**TASK DESCRIPTION:**
Set down the records exactly as they stand, except for any pictures, which you should omit.

Segment Start: RECORDS SHOWN

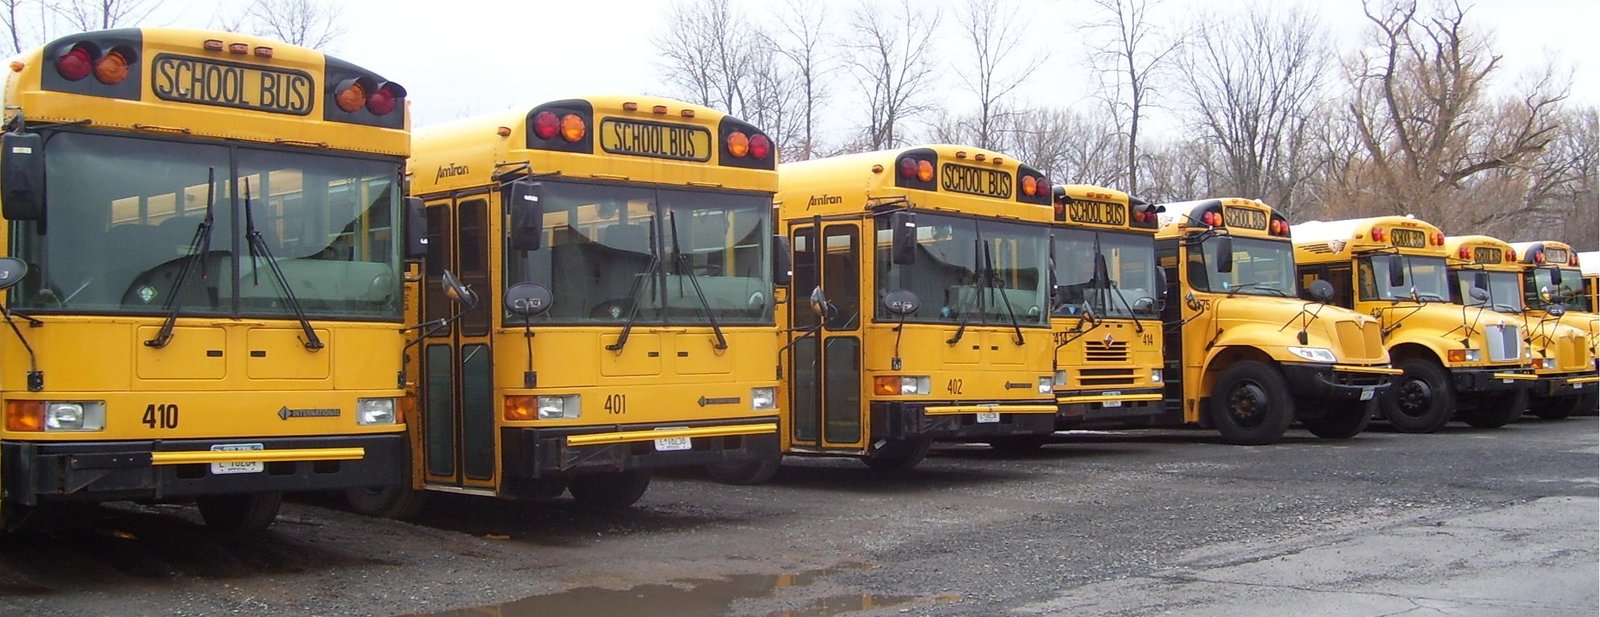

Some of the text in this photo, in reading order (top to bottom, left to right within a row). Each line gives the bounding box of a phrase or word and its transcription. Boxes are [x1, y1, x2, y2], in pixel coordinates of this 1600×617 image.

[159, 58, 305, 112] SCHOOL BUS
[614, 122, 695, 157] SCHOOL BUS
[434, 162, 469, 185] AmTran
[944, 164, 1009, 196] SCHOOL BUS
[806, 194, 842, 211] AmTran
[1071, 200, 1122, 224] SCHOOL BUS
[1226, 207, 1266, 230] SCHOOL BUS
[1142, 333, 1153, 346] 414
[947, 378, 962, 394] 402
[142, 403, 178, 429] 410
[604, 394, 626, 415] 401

Segment End: RECORDS SHOWN

**TASK OUTPUT:**
Some of the text in this photo, in reading order (top to bottom, left to right within a row). Each line gives the bounding box of a phrase or word and its transcription. Boxes are [x1, y1, x2, y2], in pixel coordinates of this 1600×617 image.

[159, 58, 305, 112] SCHOOL BUS
[614, 122, 695, 157] SCHOOL BUS
[434, 162, 469, 185] AmTran
[944, 164, 1009, 196] SCHOOL BUS
[806, 194, 842, 211] AmTran
[1071, 200, 1122, 224] SCHOOL BUS
[1226, 207, 1266, 230] SCHOOL BUS
[1142, 333, 1153, 346] 414
[947, 378, 962, 394] 402
[142, 403, 178, 429] 410
[604, 394, 626, 415] 401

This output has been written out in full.